Mastodon’s Brent Hinds has caused a bigger stink this week with some heavy words about heavy metal. “I never really liked heavy metal in the first place,” the guitarist reveals. “I came from Alabama playing country music, surf rock, rockabilly, and stuff like that. I just went through a phase in my 20s where I thought it was rebellious to play heavy metal. Then I met Brann Dailor and Bill Kelliher, and they were really, really, really into heavy metal. Ever since then I’ve been trying to get Mastodon to not be such a heavy metal band, because I fucking hate heavy metal and I don’t want to be in a heavy metal band.” Pretty strong meat there Brent, but this vituperativeness might be a symptom of another issue he was ranting about to Guitar World: doing interviews. “It frustrates me because I have to talk about things I’ve talked about over and over again. There’s nothing we can talk about that involves Mastodon that I’ll get excited about. After 15 years of doing this every fucking day of my life, the last thing I want to do is talk about doing it.” It’s a hard life, eh Brent?

In other doofus news, Five Finger Death Punch frontman Ivan Moody expressed regret about the onstage meltdown last month when Moody described drummer Jeremy Spencer’s autobiography as a band work “That I had nothing to do with,” which evidently caused Spencer to walk offstage, followed by the rest of the band, leaving Moody trying to engage the crowd in a singalong. The band came back after ten minutes and finished the show, but many fans thought they were witnessing the end of 5FDP. Moody blamed the argument on technical problems while guitarist Jason Hook suggested Moody’s drinking was the root cause.

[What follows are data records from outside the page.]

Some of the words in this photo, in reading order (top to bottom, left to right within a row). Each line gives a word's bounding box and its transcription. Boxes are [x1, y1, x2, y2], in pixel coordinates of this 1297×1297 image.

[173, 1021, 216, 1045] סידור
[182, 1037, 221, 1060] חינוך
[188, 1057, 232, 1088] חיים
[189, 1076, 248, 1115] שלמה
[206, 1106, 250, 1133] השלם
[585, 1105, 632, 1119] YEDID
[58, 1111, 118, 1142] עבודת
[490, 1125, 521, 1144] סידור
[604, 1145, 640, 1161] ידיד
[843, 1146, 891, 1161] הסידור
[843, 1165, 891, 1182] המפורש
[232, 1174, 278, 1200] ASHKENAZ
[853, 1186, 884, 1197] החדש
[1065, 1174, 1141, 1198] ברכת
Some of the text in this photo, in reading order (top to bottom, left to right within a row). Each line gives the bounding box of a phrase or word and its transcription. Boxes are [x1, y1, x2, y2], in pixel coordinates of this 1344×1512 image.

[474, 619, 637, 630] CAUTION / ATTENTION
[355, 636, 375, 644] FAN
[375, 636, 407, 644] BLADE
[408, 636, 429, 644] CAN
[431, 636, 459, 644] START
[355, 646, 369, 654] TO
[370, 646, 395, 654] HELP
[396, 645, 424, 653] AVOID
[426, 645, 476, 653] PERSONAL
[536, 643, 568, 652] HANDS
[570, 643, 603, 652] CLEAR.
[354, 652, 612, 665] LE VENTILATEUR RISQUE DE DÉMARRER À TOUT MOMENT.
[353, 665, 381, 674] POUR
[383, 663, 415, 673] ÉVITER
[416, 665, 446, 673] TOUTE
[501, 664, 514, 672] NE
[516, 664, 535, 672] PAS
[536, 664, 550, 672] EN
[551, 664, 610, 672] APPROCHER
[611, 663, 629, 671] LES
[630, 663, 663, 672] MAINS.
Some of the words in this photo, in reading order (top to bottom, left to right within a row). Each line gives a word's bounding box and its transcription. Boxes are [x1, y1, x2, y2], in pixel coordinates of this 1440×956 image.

This week Moody explained: “Jeremy and I were talking backstage and we were both being human. It just sucked that I had my microphone in my hand… Unfortunately there were 20,000 people watching while he and I had an argument. I really fucked up and I was so embarrassed.” Moody seems to have admitted responsibility for the incident, but when you think of the bands throughout history who have pulled off whole tours despite hating each other, it does seem oversensitive to abandon your audience because the singer dissed your autobiography.

Finally, it seems leaving Twitter is the new joining Twitter. Ronnie Radke from Falling In Reverse has flounced off the social media platform after a spat with vlogger Onision, who uploaded a video entitled Why Do People Hate Falling In Reverse? (+ Ronnie Radke). “I’m signing off Twitter. Sick of your negativity sick of your utter disgustingness, goodbye,” was his final tweet. Meanwhile, Disturbed frontman David Draiman has also quit Twitter, tiring of attacks about his pro-Israeli stance. “I’m done with social media,” he told 93X Radio. “It’s become a playground for trolls… I hope that the couple of years of my being as involved in it as I was meant something to people. I hope they gleaned something from it, or took something away from it, or at least were entertained because now I’m becoming a recluse.”

Chris Chantler

Chris has been writing about heavy metal since 2000, specialising in true/cult/epic/power/trad/NWOBHM and doom metal at now-defunct extreme music magazine Terrorizer. Since joining the Metal Hammer famileh in 2010 he developed a parallel career in kids' TV, winning a Writer's Guild of Great Britain Award for BBC1 series Little Howard's Big Question as well as writing episodes of Danger Mouse, Horrible Histories, Dennis & Gnasher Unleashed and The Furchester Hotel. His hobbies include drumming (slowly), exploring ancient woodland and watching ancient sitcoms.